参議選挙後に発進期待の業績主導のサマーラリー相場のリード株は?=浅妻昭治

2013年7月8日 10:59

<マーケットセンサー>

■「四季報独自増額ランキング」からスクリーニング

  業績相場発進への期待が高まってきた。もちろんこの大前提は、7月21日に投開票日を迎える参議院選挙で、与党の自民・公明両党で獲得議席数を伸ばして過半数を制し、衆議院と参議院で多数派が異なる「ねじれ国会」を解消することにある。これにより政権運営の安定化を評価して一段の円安を招来し、「アベノミクス」の成長戦略に拍車を掛け、企業マインドが好転、参議院選挙後に本格化する3月期決算会社の第1四半期(4~6月期、1Q)業績発表で、上方修正が相次ぐようなら、この業績主導のサマーラリー相場シナリオは、現実味を増すことになる。

  「政界の一寸先は闇」などといわれ、解禁されたネット選挙が撹乱要因となるともいわれるが、前週末6日には新聞各紙が、世論調査による序盤情勢分析で揃って自民圧勝を観測しており、業績相場発進の大前提はほぼ間違いなくクリアされそうだ。2009年の衆議院総選挙でも、当時の野党・民主党が、前哨戦の東京都議会選挙の圧勝の余勢を駆って、「政権交代」のキャッチフレーズをさらに連呼して連勝しており、この繰り返しとなる公算が大きそうだ。

  となると、参議院選挙後に業績相場がスタートするとして、この業績でどの銘柄、セクターが活躍するかが問題となる。活躍の確率が高い銘柄 に的を絞れば、より好パフォーマンスが期待できることになる。好パフォーマンス銘柄は当然、1Q決算発表時に今期業績を上方修正する銘柄か、1Q決算が、第2四半期(4~9月期、2Q)累計業績に対して高利益進捗率を示す銘柄となるはずである。この有望銘柄のセレクトに関して、当コラムでは、常にオリジナルな観点から銘柄を絞り込むことを心掛けてきた。今回は、この銘柄選定について、この趣旨から少し外れ、下世話にいえば「人の褌で相撲を取る」ようでやや心苦しいが、現在発売中の東洋経済会社四季報夏号を参考にしたい。

  同夏号の巻末に掲載の「四季報独自増額ランキング」に注目したいのである。四季報の各銘柄の業績予想は、会社側が開示した業績予想とは別に、同社の記者の取材や為替動向、業界情勢などを加味して総合的に判断した独自の業績予想を掲載しており、しばしば会社予想と独自予想にギャップが生じることがあった。同号は、会社側予想の営業利益と独自予想の営業利益が大きく離れている銘柄をランキング、上位55社をスクーリングした。
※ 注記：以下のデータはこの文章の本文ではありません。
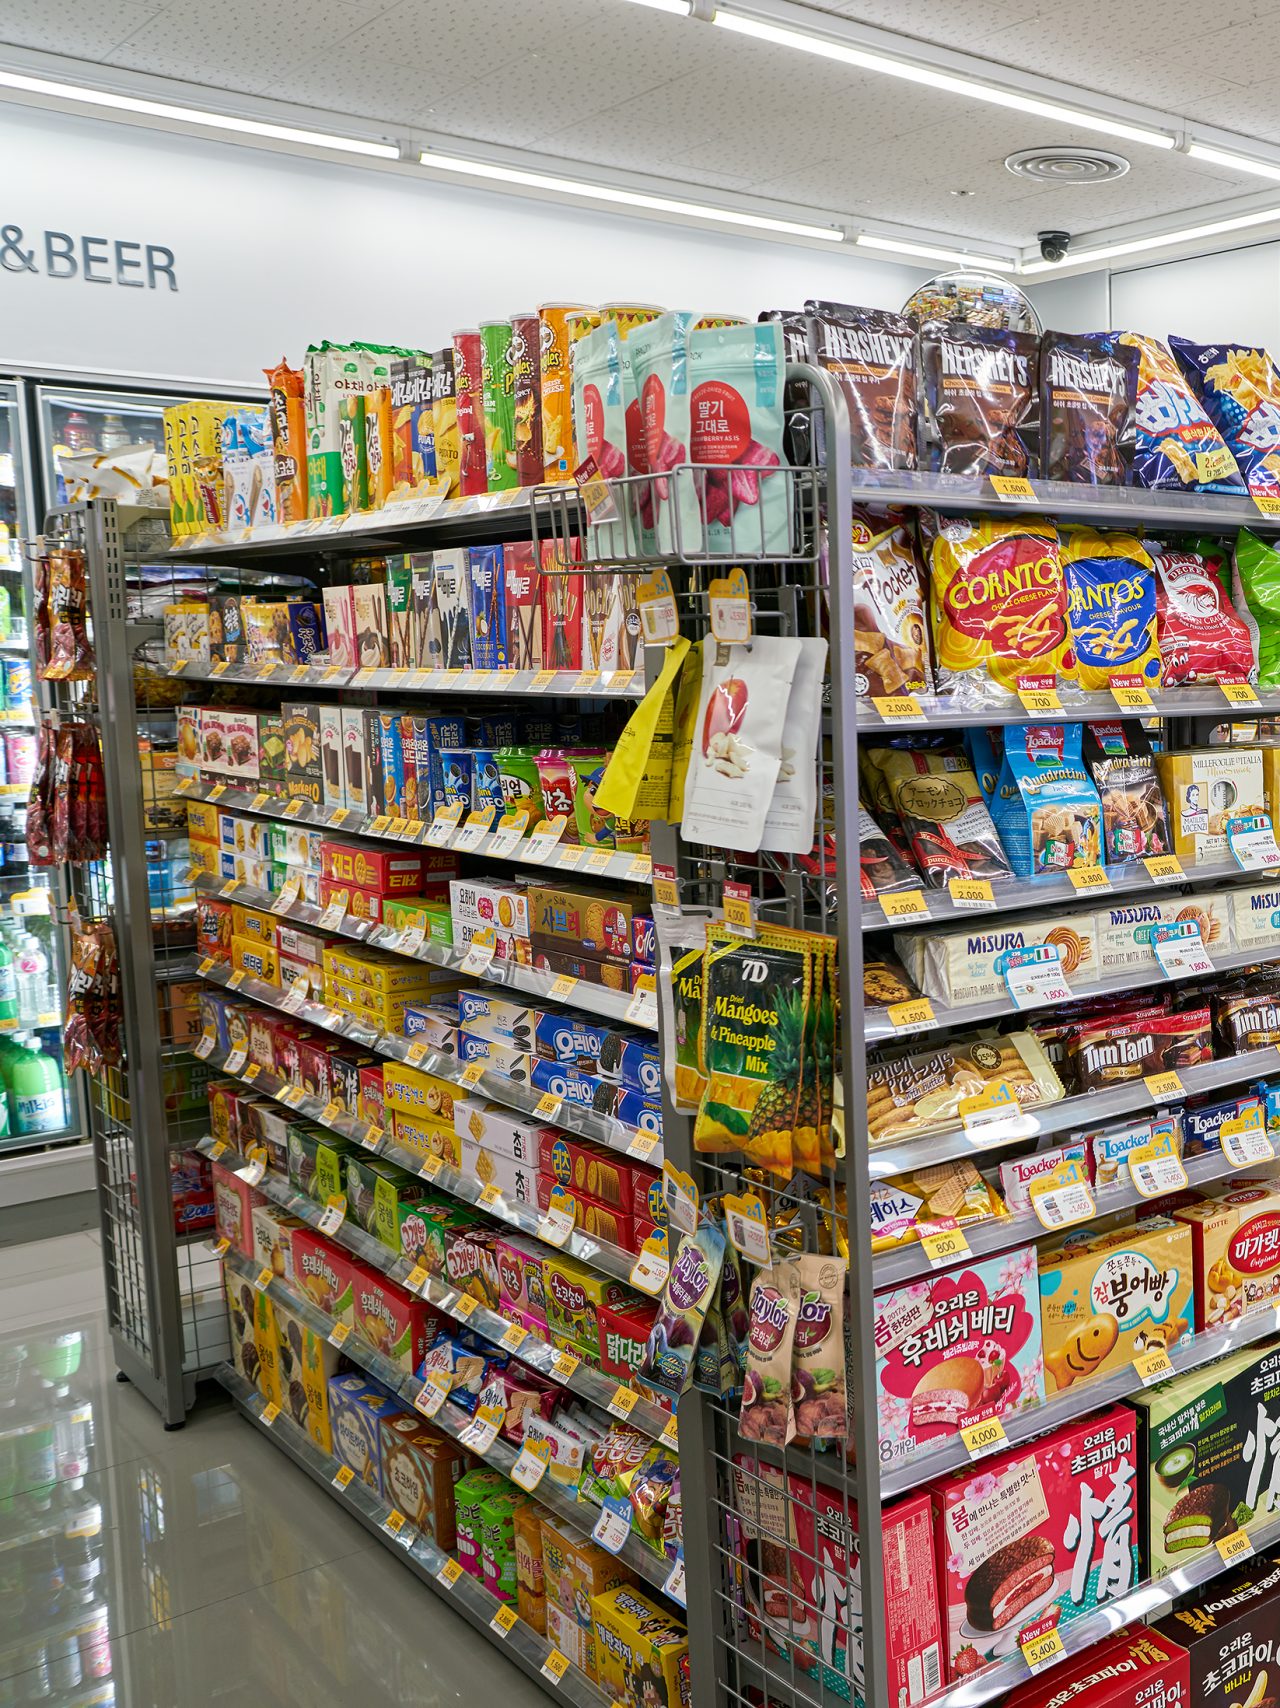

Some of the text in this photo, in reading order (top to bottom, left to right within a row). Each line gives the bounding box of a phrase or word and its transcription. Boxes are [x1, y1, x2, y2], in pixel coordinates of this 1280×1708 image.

  同ランキングに注目するのは、ランクインした銘柄の同号発売の6月14日以降のパフォーマンスが、日経平均株価の上昇率をオーバー・フォーマンスしている銘柄が少なくなく、上方修正の可能性のある銘柄としてすでに買い進まれているフシがみられるからである。日経平均株価は、同号発売前日の13日終値から、前週末7月5日に高値引けした1万5135円まで14.9%の上昇をしているが、例えば、同ランキングの上位19位までランクされている合計20銘柄のうち、9銘柄が、日経平均株価の上昇率を上回っているのである。ランキング8位にランクされた新日本無線 <6911> の同期間の上昇率は、このうちトップで、途中のストップ高を交えて47.7%に達し、日経平均の上昇率を3.2倍上回った計算になるのである。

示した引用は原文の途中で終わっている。